GAPDH knockdown measurements by PCR

Next, we investigated whether the significantly higher internalization of ApoE-modified PXs correlated with the gene silencing of a targeted gene. Therefore, glioblastoma cells were transfected with ApoE-b-PEI PXs and ApoE-NM0.2/CP0.8 PXs prepared with siRNA against GAPDH (siGAPDH) or scrambled negative control siRNA (siNC), respectively. Uncoated samples were used as negative control, and Lipofectamine 2000 lipoplexes were utilized as positive control samples. GAPDH gene expression was quantified by real time PCR (RT-qPCR) and normalized by β-actin gene expression and normalized to the values obtained after transfection with negative control siRNA for each sample. As displayed in Fig. 4, significant downregulation of GAPDH expression was observed for uncoated NM0.2/CP0.8 PXs (knockdown of 34%) and more pronouncedly for ApoE-NM0.2/CP0.8 PXs (knockdown of 46%) compared with negative control samples. In contrast, there was no significant difference of GAPDH expression among b-PEI PX (uncoated and ApoE-coated)-treated cells and their respective negative controls. Positive control samples displayed a GAPDH gene silencing effect of 36% for Lipofectamine lipoplexes, reflecting the poor transfectability of U87 glioblastoma cells in general.

Fig. 4

GAPDH knockdown in the human glioblastoma cell line U87 as quantified by RT-PCR 48 h after transfection with uncoated and ApoE-coated b-PEI and NM0.2/CP0.8 PXs prepared with GAPDH siRNA or scrambled control siRNA as respective negative control (NC). The positive control consisted of Lipofectamine (LF) 2000 lipoplexes. The expression of GAPDH was normalized to the expression of β-actin and to cell samples transfected with the respective negative control PX (data points indicate mean ± SD, n = 3, one-way ANOVA with Bonferroni post-hoc test, n.s not significant; p > 0.05, *p < 0.05, and **p < 0.01)

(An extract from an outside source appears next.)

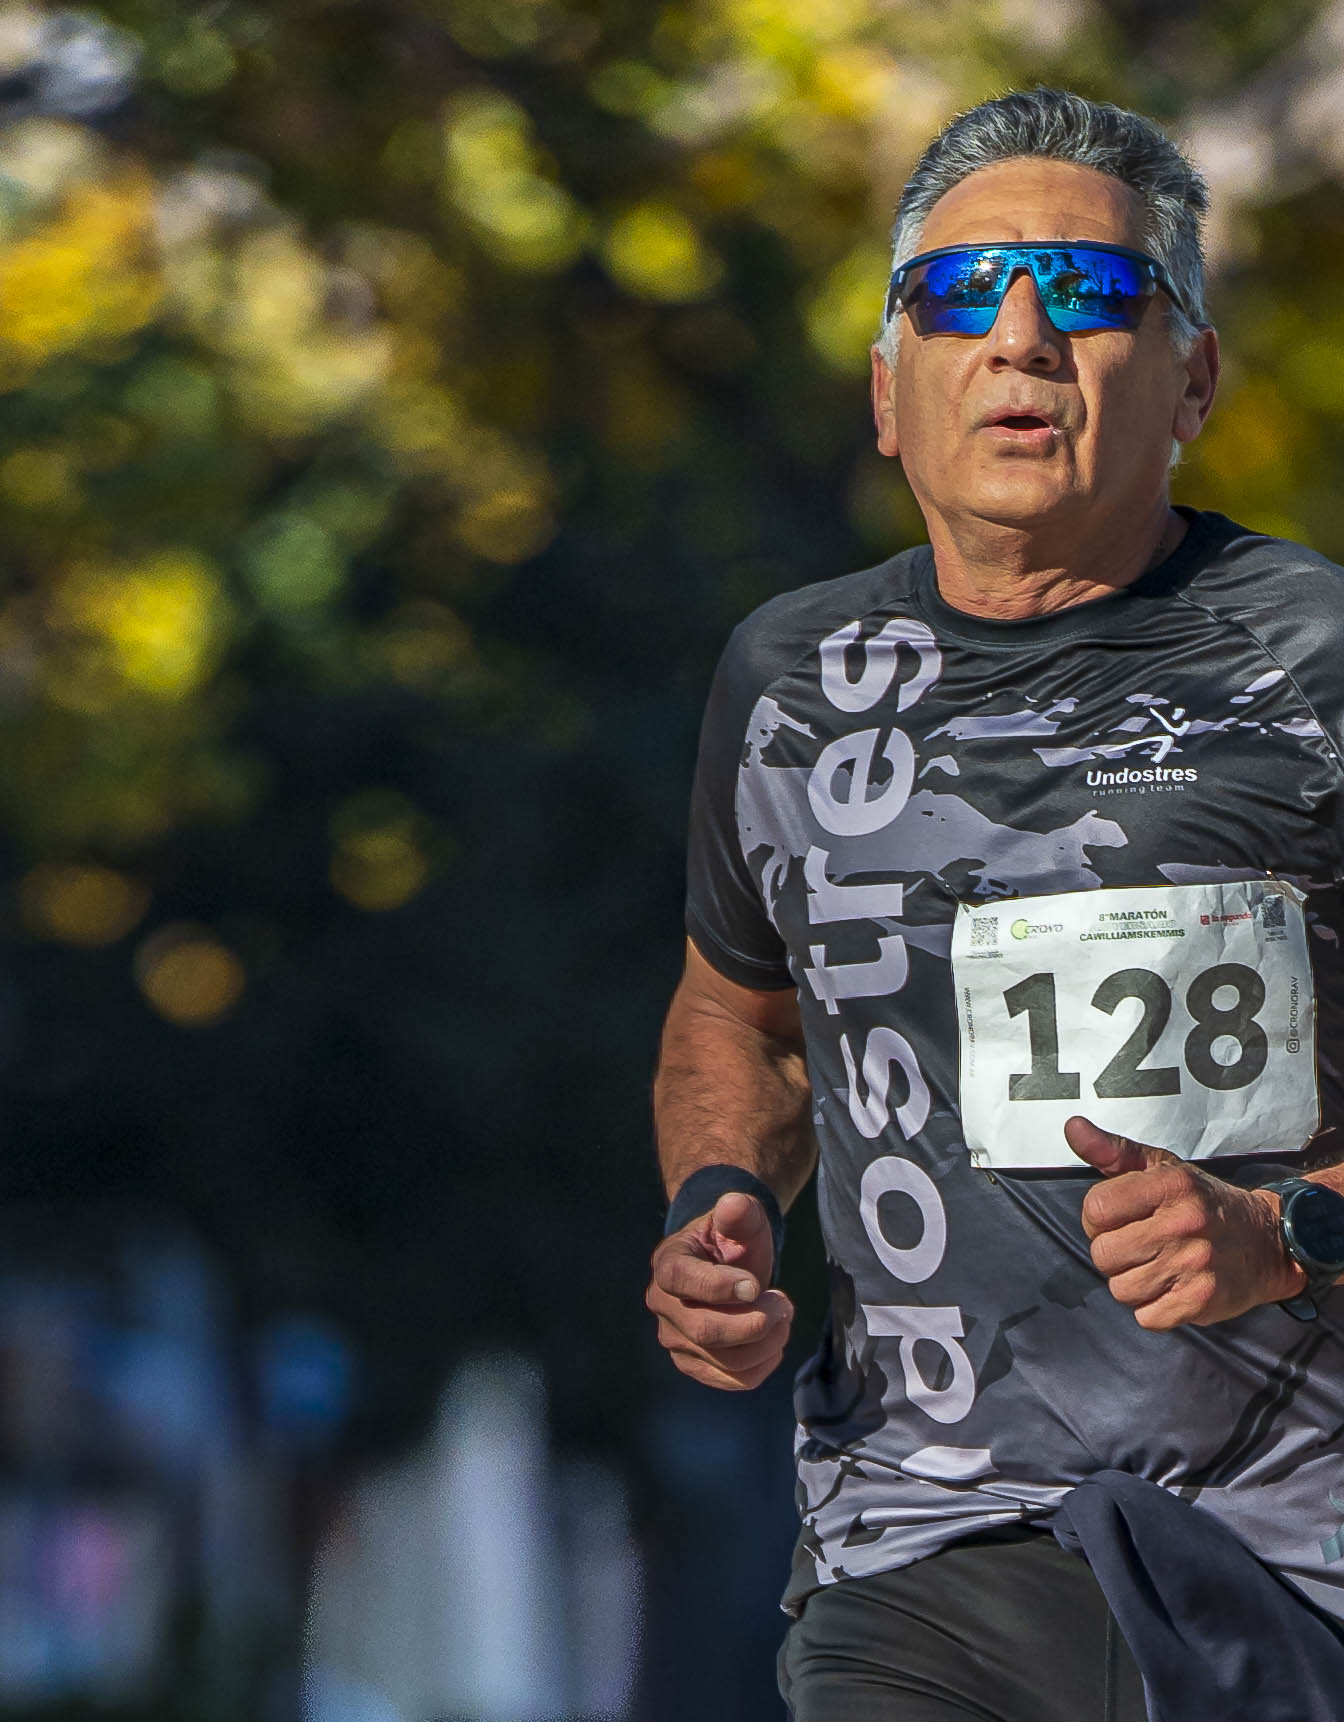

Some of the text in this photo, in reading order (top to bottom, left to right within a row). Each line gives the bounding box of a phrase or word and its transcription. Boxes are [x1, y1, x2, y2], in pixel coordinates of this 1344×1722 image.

[1086, 766, 1198, 786] Undostres
[1092, 784, 1185, 797] running team
[1002, 962, 1269, 1102] 128

Unmodified b-PEI PXs can undergo endocytosis by electrostatic interactions between their positive surface charge and the negative charge of the cellular membrane, however, the internalization of b-PEI PXs was not sufficient to induce significant GAPDH gene silencing effects. A lack in GAPDH knockdown ability was also observed for ApoE modified b-PEI particles, implying that even receptor-mediated endocytosis of b-PEI particles did not lead to significant gene knockdown effects. This goes in line with literature, as high molecular weight b-PEI was shown to exhibit, besides low toxicity, poor transfection efficiencies [68]. In contrast, unmodified NM0.2/CP0.8 PXs demonstrated efficient gene knockdown, leading to the assumption that additional hydrophobic interactions with the outer cell membrane as well as with the endosomal membrane might have beneficial effects on the siRNA amount present in the cytoplasm, what is a prerequisite for successful gene silencing. As described in literature, endosome disruption can be caused by cationic as well as hydrophobic moieties of polymeric NPs, which are both present in NM0.2/CP0.8 polymers [69]. However, in accordance with cellular uptake results, ApoE modification of NM0.2/CP0.8 PXs mediated the most efficient gene knockdown effect, comparable to the commercially available transfection reagent Lipofectamine 2000, indicating that receptor-mediated endocytosis in combination with favorable characteristics of the NM0.2/CP0.8 PXs provided most suitable conditions to induce sequence-specific gene silencing in a cell line, which is generally described to be hard to transfect [42]. Overall, the results presented here demonstrated efficient knockdown ability of ApoE-modified NM0.2/CP0.8 PXs, providing further evidence for the applicability of the targeted siRNA delivery system for potential treatment of brain diseases.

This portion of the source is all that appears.